Good question, Afridy.
Sticking with your example, there are some other things you should recognise and attempt to address.
Your code is that it mostly only considers the “happy path”
It seems not to check:
-The number follows a valid pattern, is well formed.
-Depending on the country it might HAVE to conform to 04xxxxxxx or 07xxxxxxxxxxxx
-What happens if no number is accidentally passed to it.
It does not seem to be something you could use in a variety of projects, which:
-Use a different SMS gateway.
-Provide different credentials.
So, it is not very “re-usable” and neither is it very “smart”, you cannot think of it being a discrete, self-contained module to which you can delegate responsibility for doing a task.
I’m skimming over many other issues for the sake of brevity, but essentially jumping from thinking as you are now, to thinking about telling some piece of code to “Here is what you need, now just go away please and get on with this job, thats why I pay you.”
Your target might be to end up with userland code as simple as this.
$sms = new ClickatellTexter($number);
$sms->send($msg);
Knowing that ClickatellTexter will go away, maybe find its own credentials (which may be kept centrally elsewhere), do something predictable if either number is missing or if msg is empty and either report back or log something or just die quietly if it fails.
Then, with the same core code which ClickatellTexter relies upon, elsewhere in your universe - someone else - or maybe you in 6 months time can go, right, now I need a BulksmsTexter and then create a simple concrete class where the only difference between the concrete BulksmsTexter and ClickatellTexter is this line:
$url="http://api.clickatell.com/http/sendmsg?user=xxx&password=xxx .. etc";
But then decide to use it in a slightly different way:
$sms = new BulksmsTexter($number);
$sms->setCountry('UK');
$sms->setLogging('myfile.txt');
$sms->send($msg);
… so both classes are simply part of a small network of other tiny classes that are designed to operate with each other in a robust fashion.

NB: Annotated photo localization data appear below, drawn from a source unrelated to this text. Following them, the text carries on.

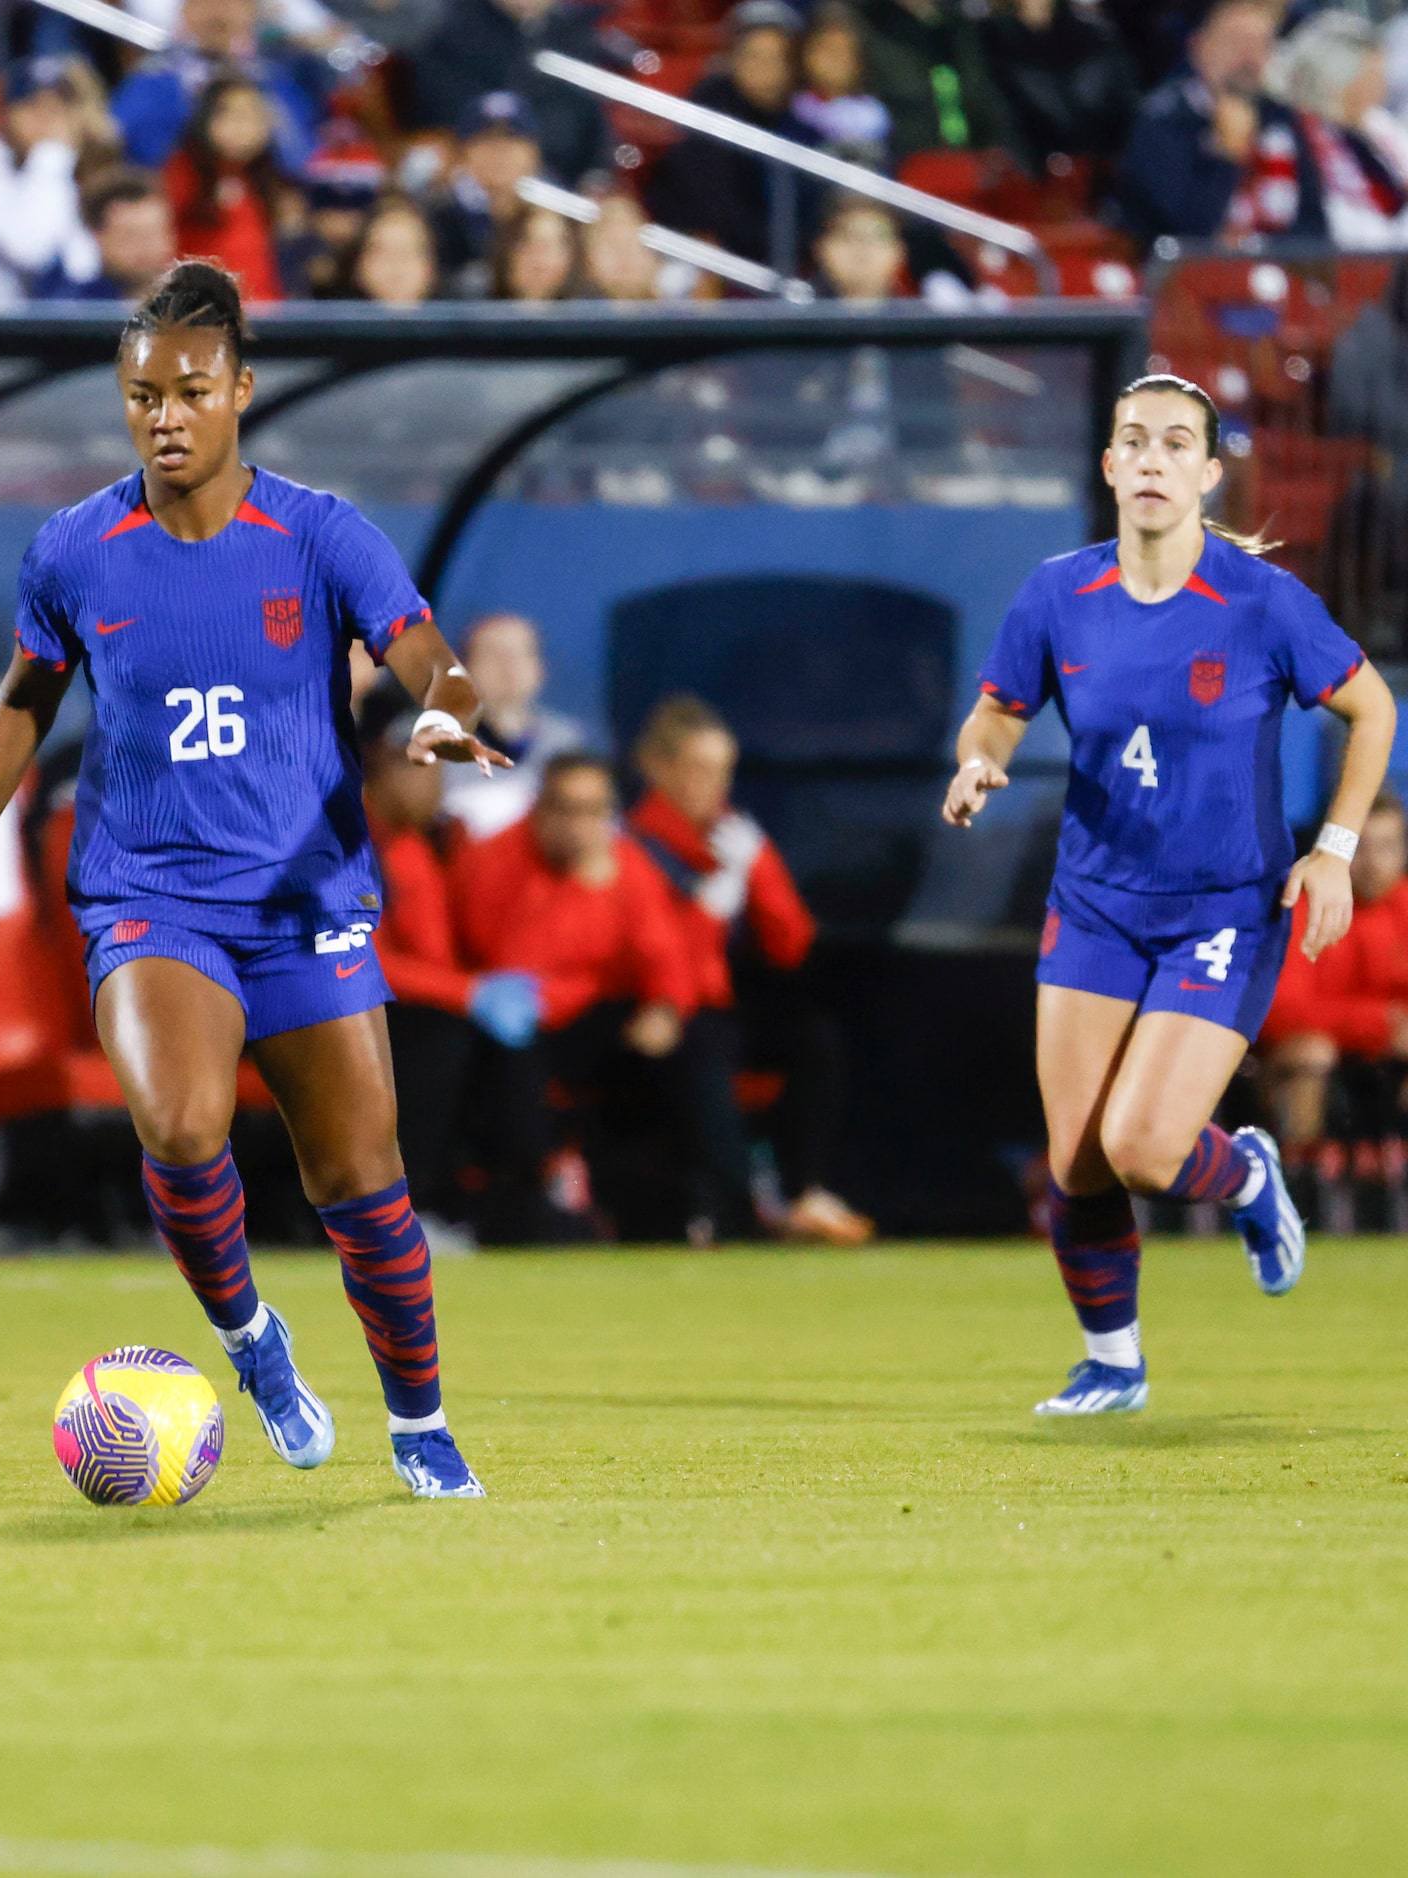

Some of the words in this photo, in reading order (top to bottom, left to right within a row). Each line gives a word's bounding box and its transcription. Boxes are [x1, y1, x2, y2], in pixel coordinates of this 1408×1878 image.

[165, 684, 247, 762] 26
[1121, 724, 1159, 788] 4
[1194, 927, 1237, 982] 4
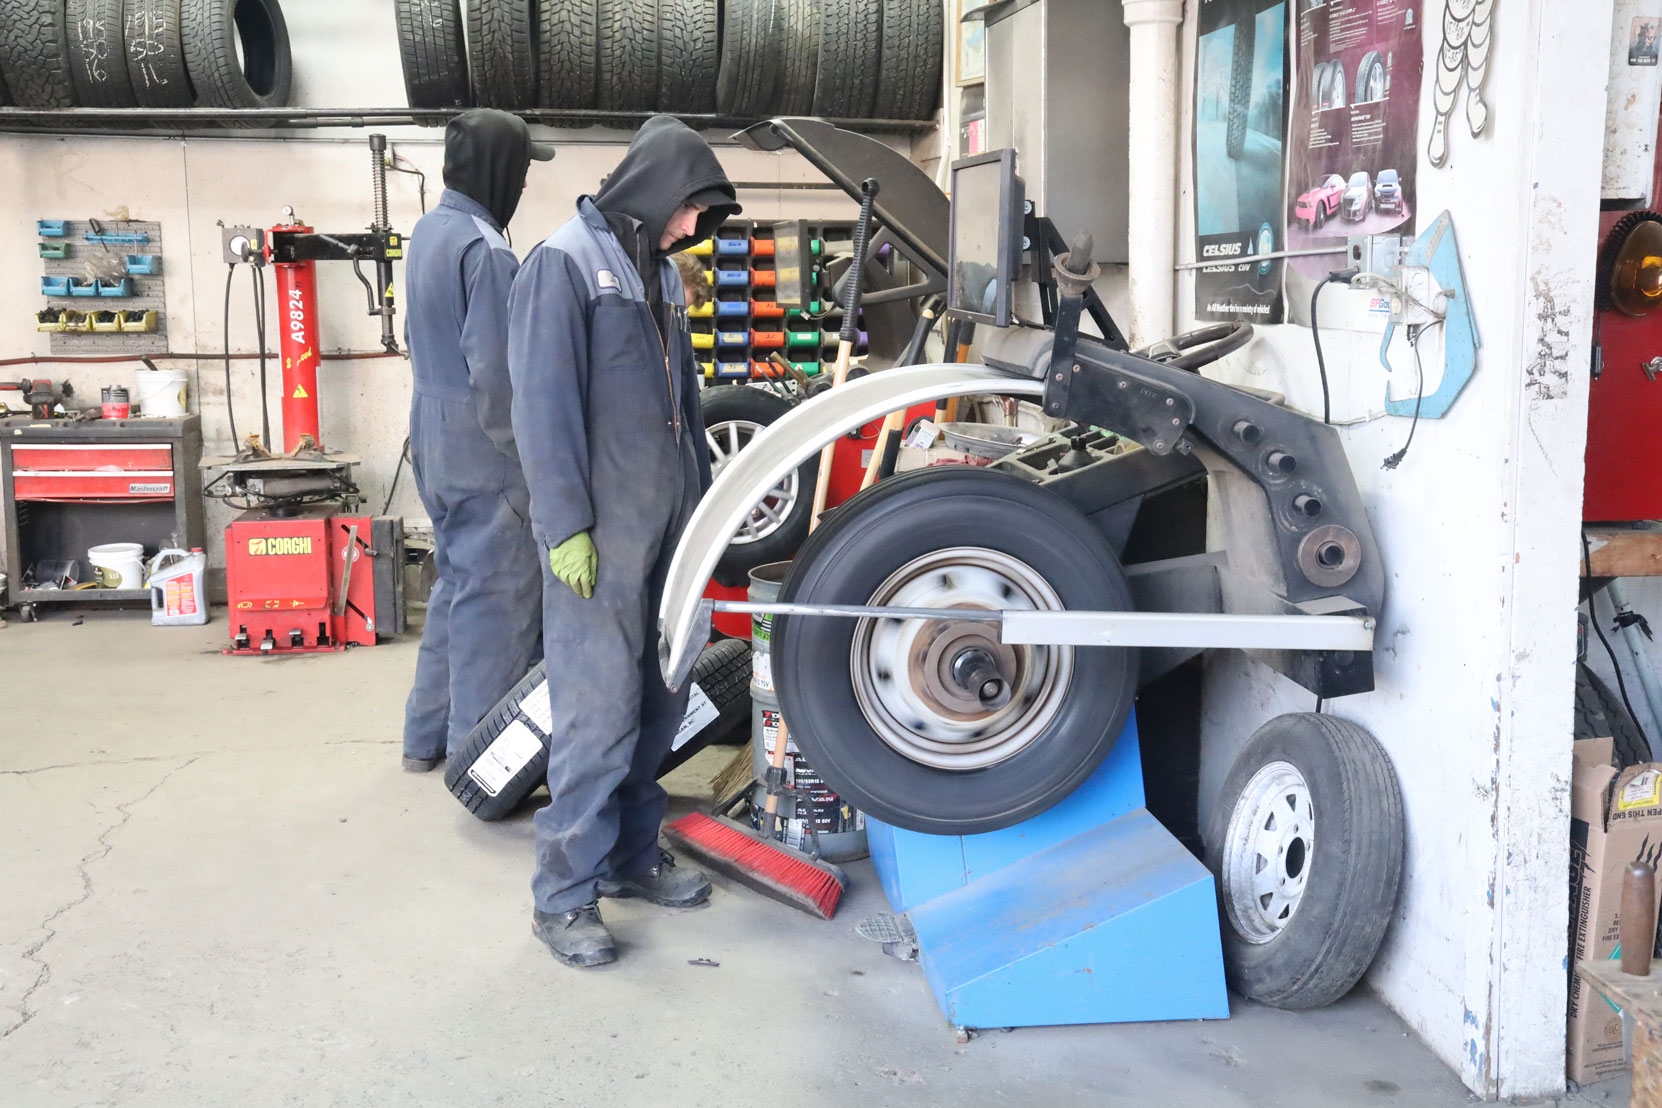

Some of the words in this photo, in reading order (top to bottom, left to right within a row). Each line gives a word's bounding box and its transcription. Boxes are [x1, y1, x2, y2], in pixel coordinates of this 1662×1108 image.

[1203, 243, 1242, 256] CELSIUS
[267, 537, 312, 555] CORGHI
[1612, 812, 1626, 820] END
[1628, 810, 1645, 819] THIS
[1647, 808, 1662, 816] PEN
[1577, 886, 1592, 943] EXTINGUISHER
[1608, 926, 1618, 934] DRY
[1576, 942, 1585, 961] FIRE
[1572, 968, 1582, 1000] CHEMI
[1570, 1002, 1579, 1018] DRY

That scenario is too outlandish and will never happen to me? Read this, how will you respond if Clickatell goes down or if a client wants to use another gateway? Copy and paste your existing class? Nope, that’s not the idea.
Buying a good OOP book which explains some of the basic principles of OOP should be on your horizon as soon as you get the syntax sorted out - but there are plenty of threads on here recommending books.